Items from a data source:

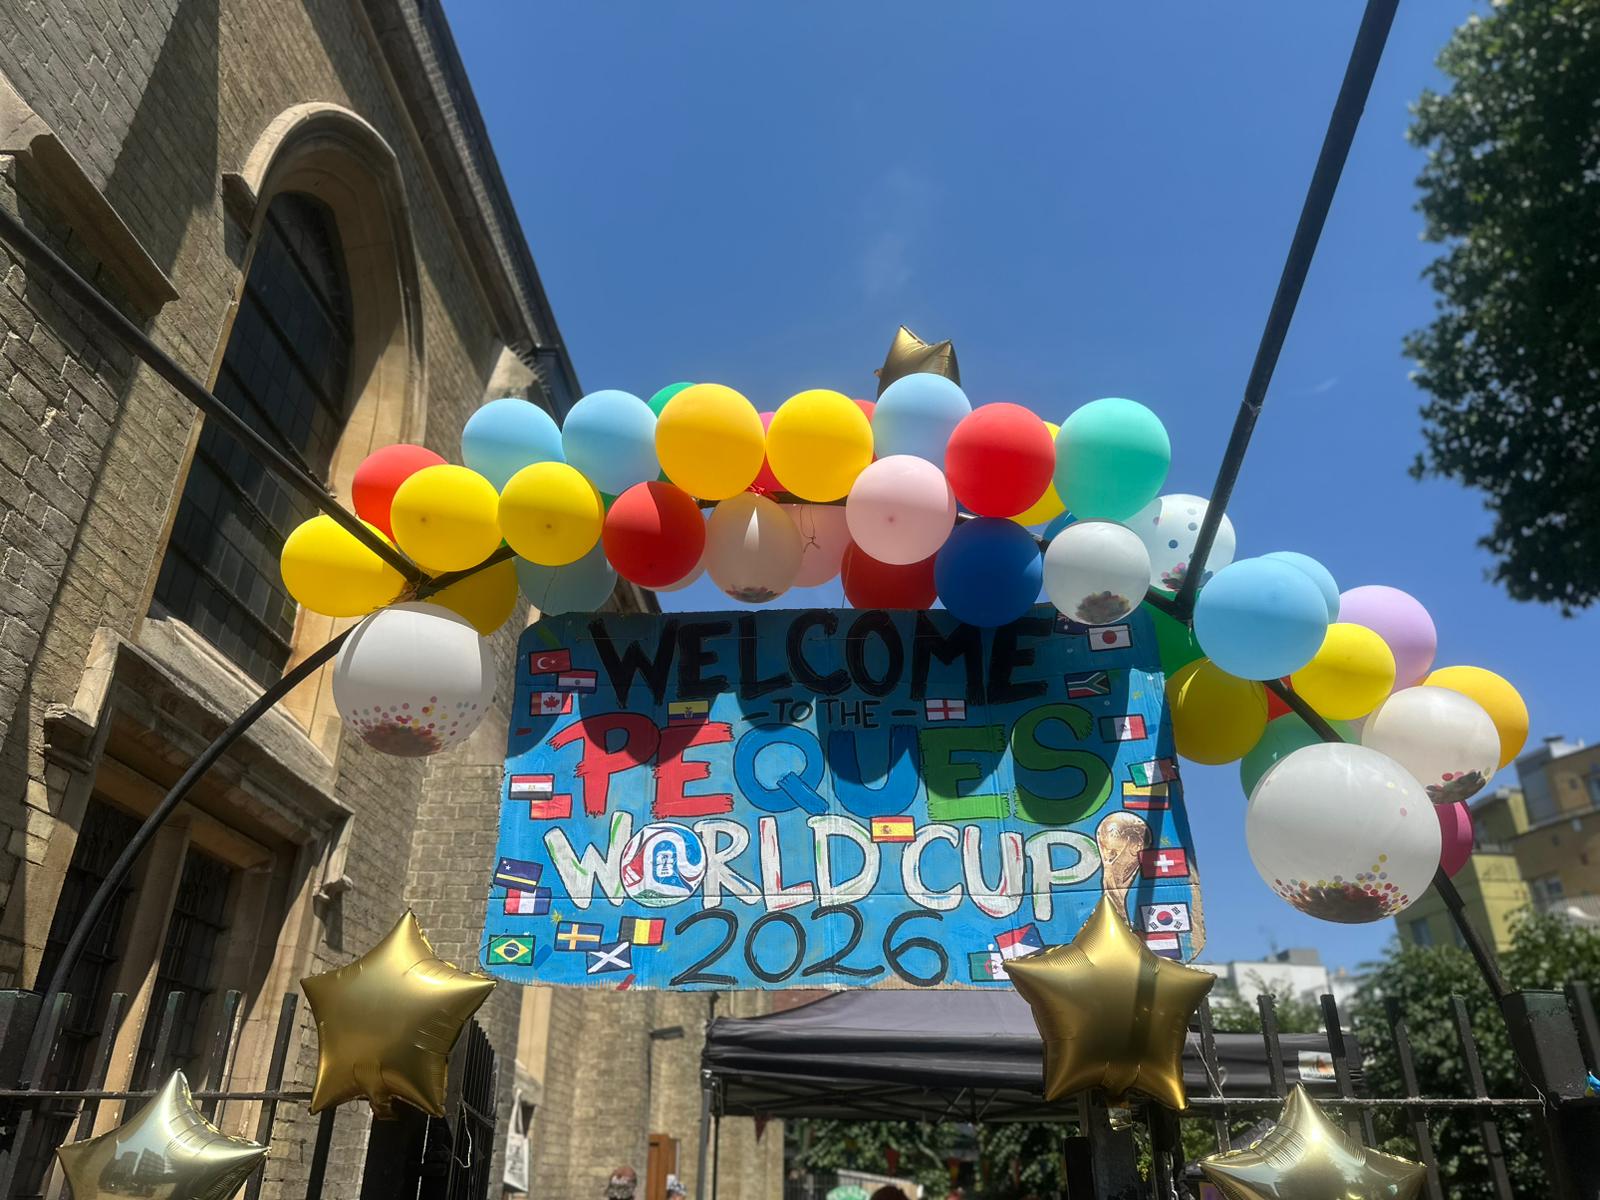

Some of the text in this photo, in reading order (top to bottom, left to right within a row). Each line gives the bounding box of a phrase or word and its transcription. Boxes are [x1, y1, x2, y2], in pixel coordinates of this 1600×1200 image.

[588, 608, 1050, 709] WELCOME
[772, 698, 814, 723] TO
[817, 699, 882, 729] THE
[546, 703, 1113, 825] PEQUES
[902, 824, 1101, 922] CUP
[669, 905, 949, 987] 2026
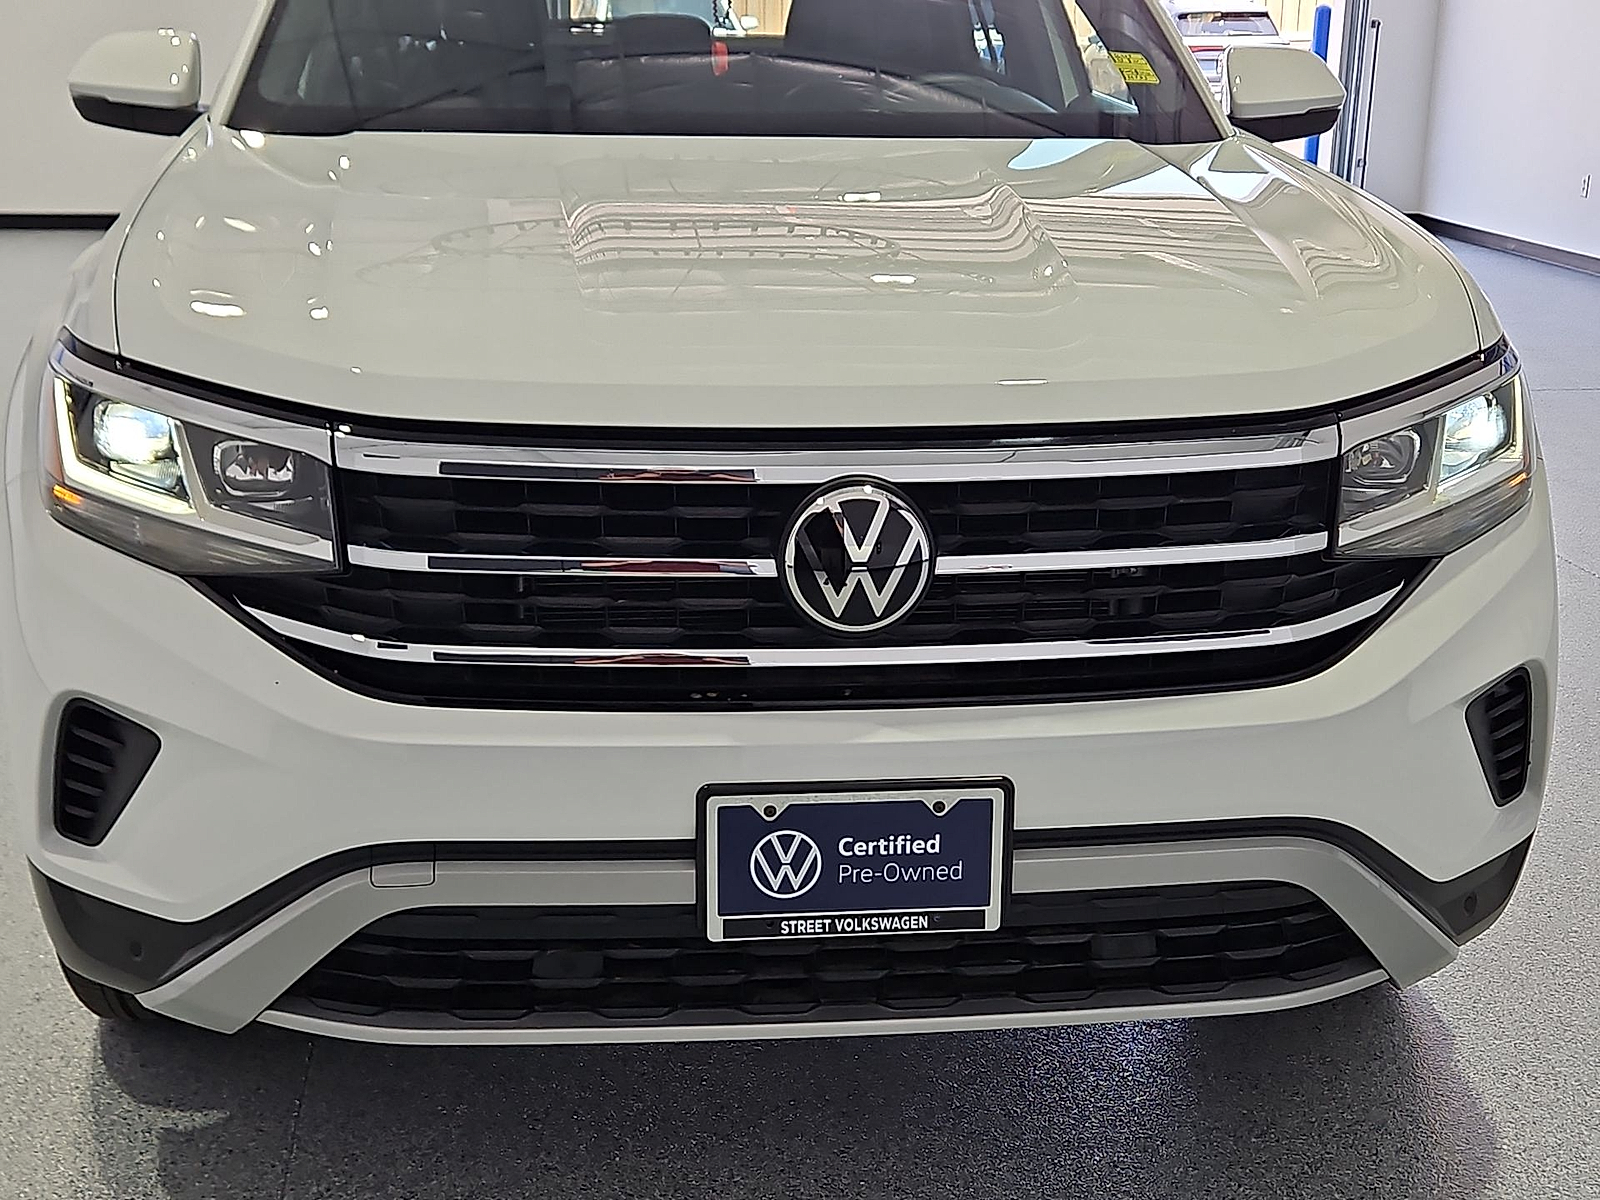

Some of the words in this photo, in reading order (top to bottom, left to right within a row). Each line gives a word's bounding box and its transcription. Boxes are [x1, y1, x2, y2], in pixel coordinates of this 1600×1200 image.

=== Requirement ===
Leaving the pictures behind, return every line above exactly.

=== Solution to the problem ===
Some of the text in this photo, in reading order (top to bottom, left to right within a row). Each line gives the bounding box of a phrase or word and its transcription. Boxes are [x1, y1, x2, y2], in pixel coordinates of this 1600×1200 image.

[588, 608, 1050, 709] WELCOME
[772, 698, 814, 723] TO
[817, 699, 882, 729] THE
[546, 703, 1113, 825] PEQUES
[902, 824, 1101, 922] CUP
[669, 905, 949, 987] 2026

Some of the words in this photo, in reading order (top to bottom, left to right within a row). Each line gives a word's bounding box and its transcription. Boxes are [x1, y1, x2, y2], in pixel coordinates of this 1600×1200 image.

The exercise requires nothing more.